Only the lines from the one with "this 1024×1024 image." through the end of the material below belong in the reply; transcribe them exactly.

——

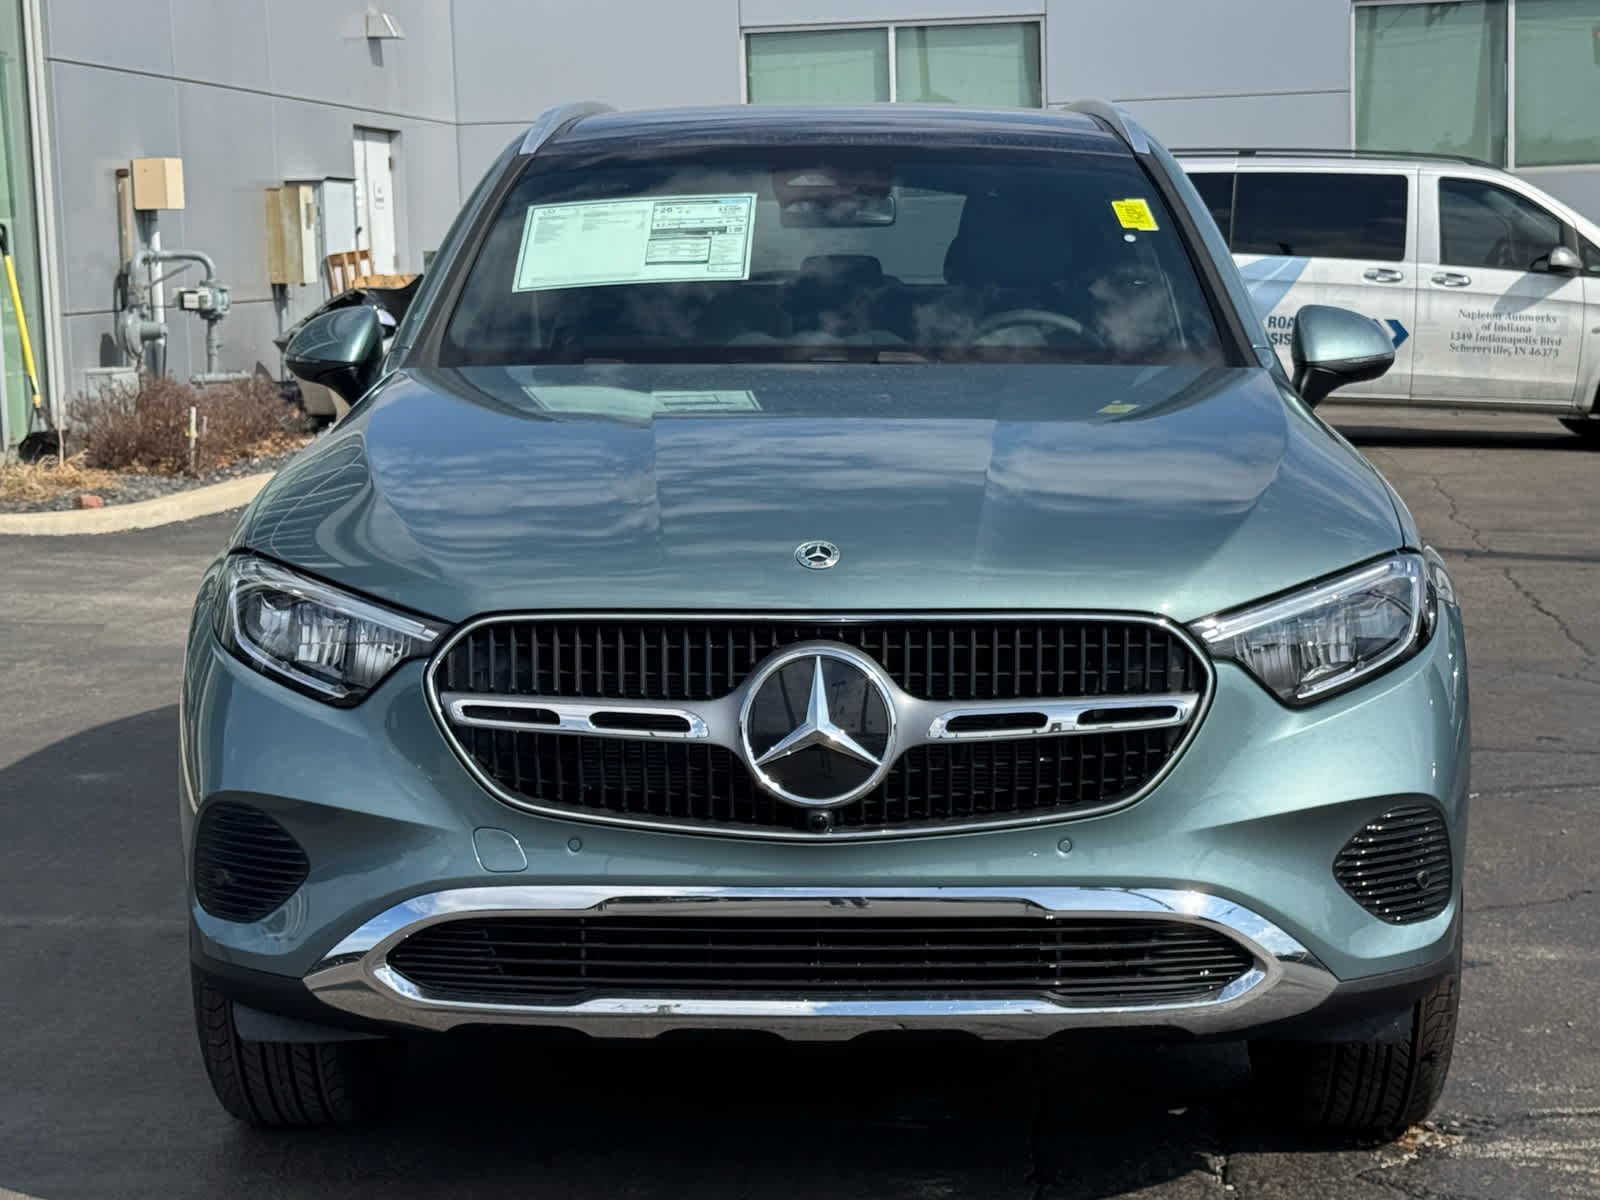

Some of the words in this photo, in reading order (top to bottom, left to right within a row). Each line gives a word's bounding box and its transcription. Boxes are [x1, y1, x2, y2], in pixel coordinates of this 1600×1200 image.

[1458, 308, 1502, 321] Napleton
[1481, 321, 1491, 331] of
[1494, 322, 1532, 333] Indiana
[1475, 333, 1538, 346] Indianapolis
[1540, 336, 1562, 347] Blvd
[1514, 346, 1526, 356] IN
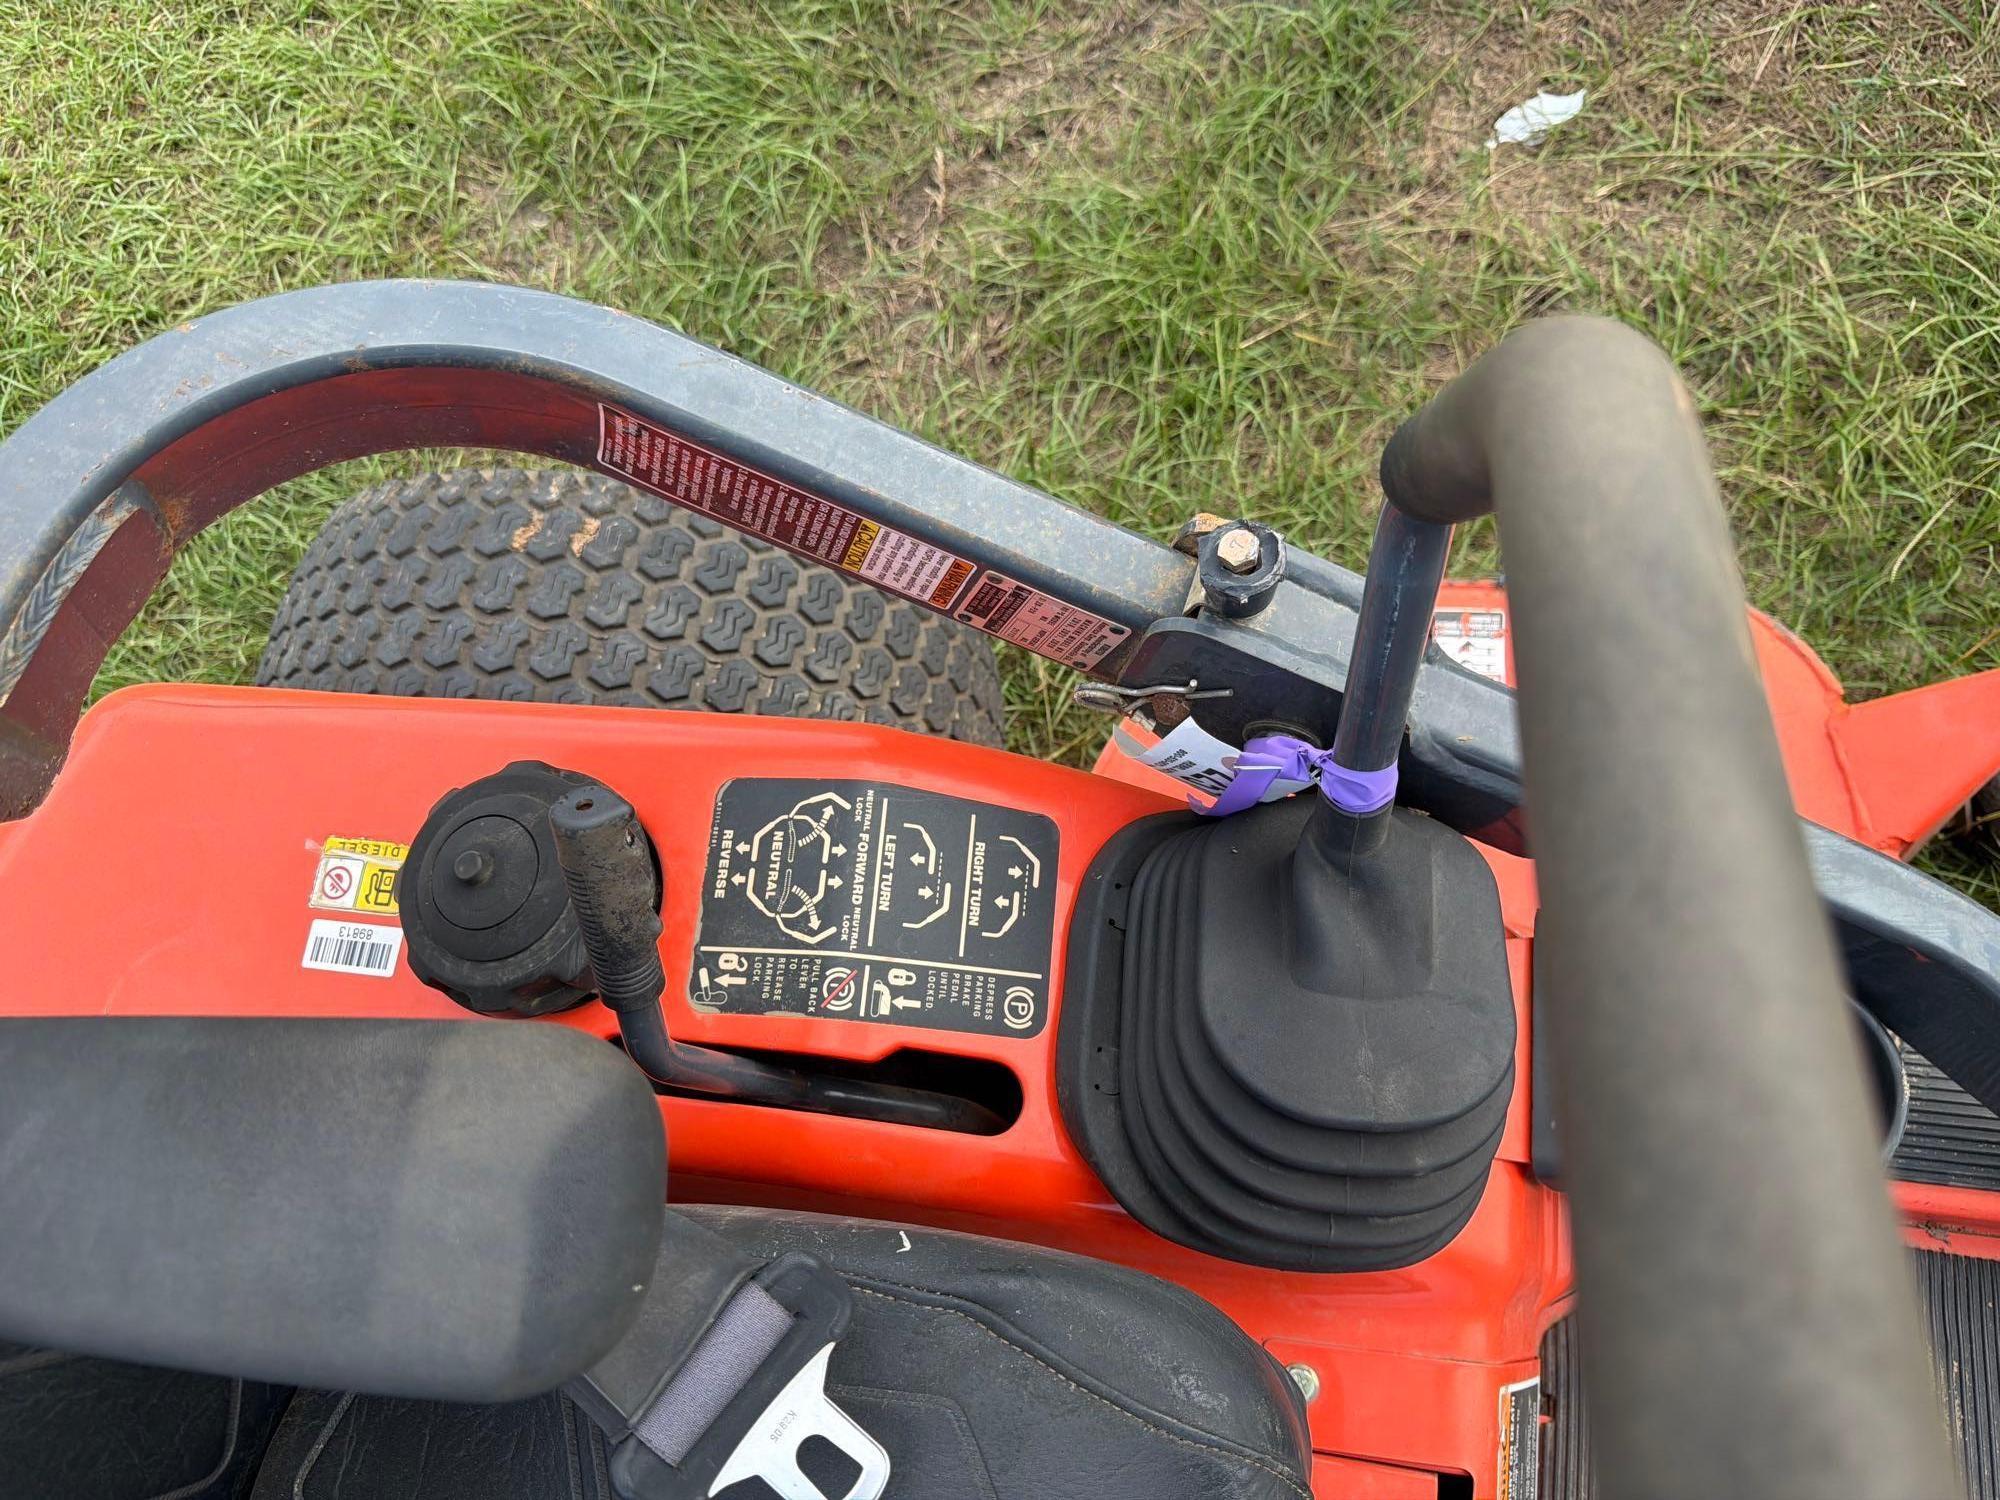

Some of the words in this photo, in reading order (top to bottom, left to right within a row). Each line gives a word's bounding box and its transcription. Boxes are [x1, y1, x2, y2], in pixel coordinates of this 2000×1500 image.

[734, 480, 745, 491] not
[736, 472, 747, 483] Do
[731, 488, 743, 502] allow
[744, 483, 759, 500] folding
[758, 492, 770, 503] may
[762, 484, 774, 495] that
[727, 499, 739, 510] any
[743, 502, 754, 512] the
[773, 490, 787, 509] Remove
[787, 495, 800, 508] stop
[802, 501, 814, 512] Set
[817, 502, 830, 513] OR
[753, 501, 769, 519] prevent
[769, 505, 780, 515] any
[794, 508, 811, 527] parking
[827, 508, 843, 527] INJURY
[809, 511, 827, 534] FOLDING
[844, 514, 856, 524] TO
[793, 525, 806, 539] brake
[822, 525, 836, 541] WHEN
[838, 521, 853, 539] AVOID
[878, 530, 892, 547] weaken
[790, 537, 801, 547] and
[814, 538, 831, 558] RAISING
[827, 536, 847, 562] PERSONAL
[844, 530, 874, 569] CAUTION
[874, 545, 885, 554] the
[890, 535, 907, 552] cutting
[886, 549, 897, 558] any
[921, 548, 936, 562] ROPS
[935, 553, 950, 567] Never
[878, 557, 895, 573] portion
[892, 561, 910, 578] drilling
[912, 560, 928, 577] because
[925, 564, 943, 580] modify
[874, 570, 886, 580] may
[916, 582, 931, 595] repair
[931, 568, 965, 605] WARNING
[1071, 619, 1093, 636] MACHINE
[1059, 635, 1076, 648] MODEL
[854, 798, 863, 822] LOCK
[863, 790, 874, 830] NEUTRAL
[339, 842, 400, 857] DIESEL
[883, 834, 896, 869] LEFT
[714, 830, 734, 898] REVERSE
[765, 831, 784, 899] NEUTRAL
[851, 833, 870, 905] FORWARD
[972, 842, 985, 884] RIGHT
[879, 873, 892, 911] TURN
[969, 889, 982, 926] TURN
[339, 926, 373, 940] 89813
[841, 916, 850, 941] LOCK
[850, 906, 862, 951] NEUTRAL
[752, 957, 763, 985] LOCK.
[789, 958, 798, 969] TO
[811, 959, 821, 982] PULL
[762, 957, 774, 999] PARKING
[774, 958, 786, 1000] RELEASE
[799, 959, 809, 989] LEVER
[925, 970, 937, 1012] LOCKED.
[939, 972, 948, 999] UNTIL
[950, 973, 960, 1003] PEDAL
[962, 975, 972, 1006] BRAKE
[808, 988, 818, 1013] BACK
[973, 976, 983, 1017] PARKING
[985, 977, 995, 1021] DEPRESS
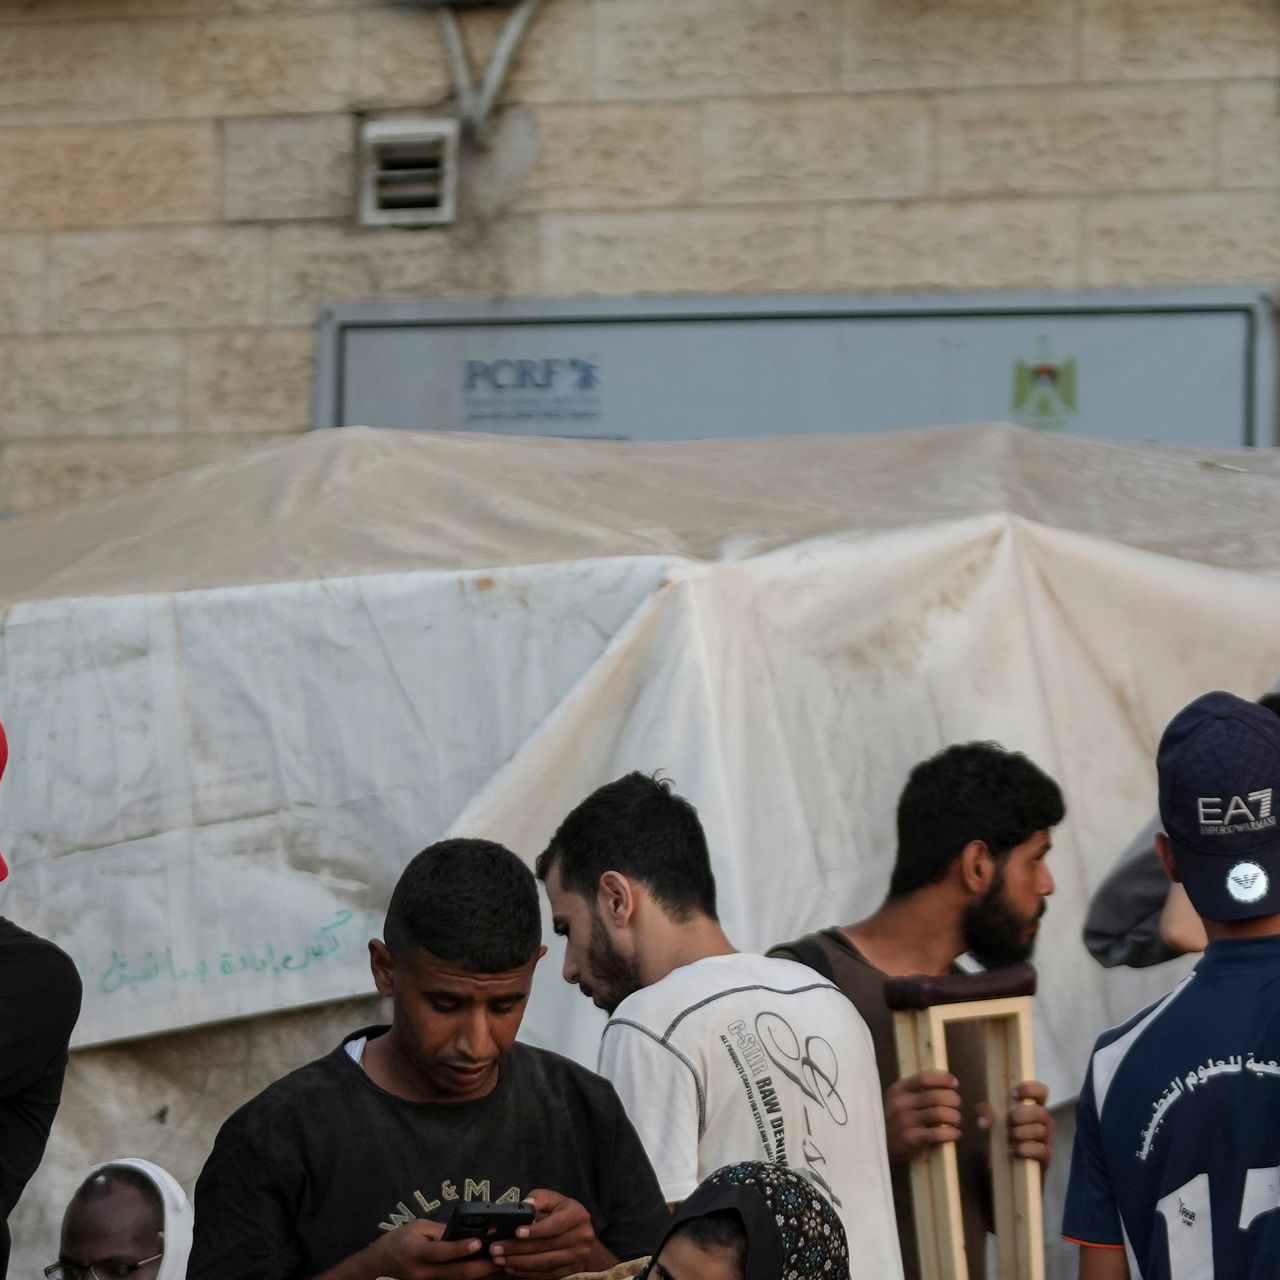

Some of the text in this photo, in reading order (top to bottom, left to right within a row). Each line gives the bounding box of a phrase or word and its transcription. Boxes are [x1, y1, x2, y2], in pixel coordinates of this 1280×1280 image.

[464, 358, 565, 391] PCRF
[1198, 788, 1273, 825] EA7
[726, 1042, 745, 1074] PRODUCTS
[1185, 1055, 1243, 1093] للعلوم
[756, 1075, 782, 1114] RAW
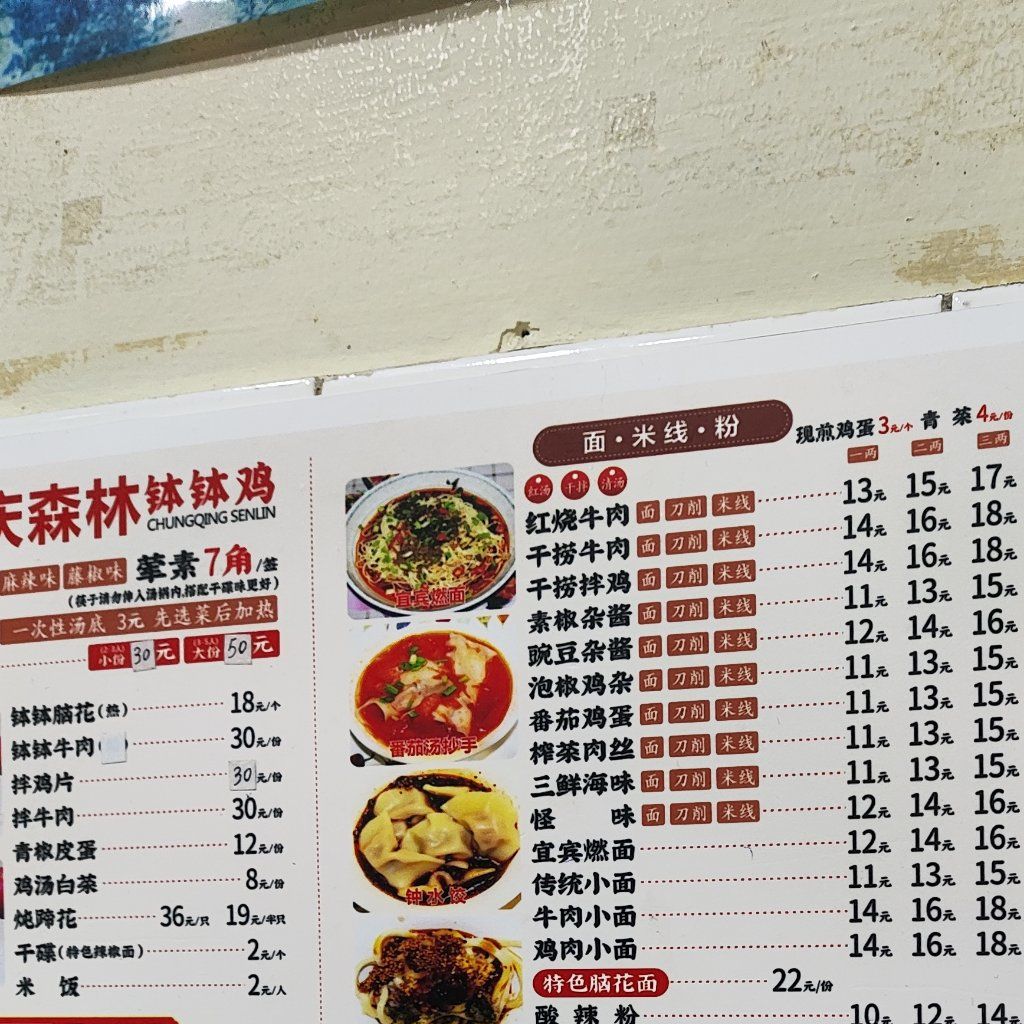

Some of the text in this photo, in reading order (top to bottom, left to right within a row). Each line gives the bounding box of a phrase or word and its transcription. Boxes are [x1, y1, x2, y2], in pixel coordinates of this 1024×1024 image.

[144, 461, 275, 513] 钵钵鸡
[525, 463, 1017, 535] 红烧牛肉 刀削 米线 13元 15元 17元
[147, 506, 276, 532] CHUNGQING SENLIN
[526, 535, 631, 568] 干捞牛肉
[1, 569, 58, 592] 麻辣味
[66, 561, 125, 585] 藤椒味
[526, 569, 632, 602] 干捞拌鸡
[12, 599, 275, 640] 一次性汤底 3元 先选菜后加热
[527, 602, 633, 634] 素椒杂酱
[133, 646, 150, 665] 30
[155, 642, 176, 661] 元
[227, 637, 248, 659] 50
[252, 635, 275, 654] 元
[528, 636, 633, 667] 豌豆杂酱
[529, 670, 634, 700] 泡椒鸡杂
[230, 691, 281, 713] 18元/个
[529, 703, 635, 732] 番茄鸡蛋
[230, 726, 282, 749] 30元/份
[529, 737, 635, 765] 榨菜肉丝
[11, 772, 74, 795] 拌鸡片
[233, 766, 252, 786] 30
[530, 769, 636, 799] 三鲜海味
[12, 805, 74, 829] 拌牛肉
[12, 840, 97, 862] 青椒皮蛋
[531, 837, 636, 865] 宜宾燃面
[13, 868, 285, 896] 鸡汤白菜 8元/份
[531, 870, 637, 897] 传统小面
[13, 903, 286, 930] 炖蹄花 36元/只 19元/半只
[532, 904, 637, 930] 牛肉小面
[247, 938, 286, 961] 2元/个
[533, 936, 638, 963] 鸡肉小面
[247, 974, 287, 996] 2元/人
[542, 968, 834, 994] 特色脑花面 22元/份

——

_Result for this exercise:_
Some of the text in this photo, in reading order (top to bottom, left to right within a row). Each line gives the bounding box of a phrase or word and its transcription. Boxes are [x1, y1, x2, y2], in pixel coordinates of this 1024×1024 image.

[144, 461, 275, 513] 钵钵鸡
[525, 463, 1017, 535] 红烧牛肉 刀削 米线 13元 15元 17元
[147, 506, 276, 532] CHUNGQING SENLIN
[526, 535, 631, 568] 干捞牛肉
[1, 569, 58, 592] 麻辣味
[66, 561, 125, 585] 藤椒味
[526, 569, 632, 602] 干捞拌鸡
[12, 599, 275, 640] 一次性汤底 3元 先选菜后加热
[527, 602, 633, 634] 素椒杂酱
[133, 646, 150, 665] 30
[155, 642, 176, 661] 元
[227, 637, 248, 659] 50
[252, 635, 275, 654] 元
[528, 636, 633, 667] 豌豆杂酱
[529, 670, 634, 700] 泡椒鸡杂
[230, 691, 281, 713] 18元/个
[529, 703, 635, 732] 番茄鸡蛋
[230, 726, 282, 749] 30元/份
[529, 737, 635, 765] 榨菜肉丝
[11, 772, 74, 795] 拌鸡片
[233, 766, 252, 786] 30
[530, 769, 636, 799] 三鲜海味
[12, 805, 74, 829] 拌牛肉
[12, 840, 97, 862] 青椒皮蛋
[531, 837, 636, 865] 宜宾燃面
[13, 868, 285, 896] 鸡汤白菜 8元/份
[531, 870, 637, 897] 传统小面
[13, 903, 286, 930] 炖蹄花 36元/只 19元/半只
[532, 904, 637, 930] 牛肉小面
[247, 938, 286, 961] 2元/个
[533, 936, 638, 963] 鸡肉小面
[247, 974, 287, 996] 2元/人
[542, 968, 834, 994] 特色脑花面 22元/份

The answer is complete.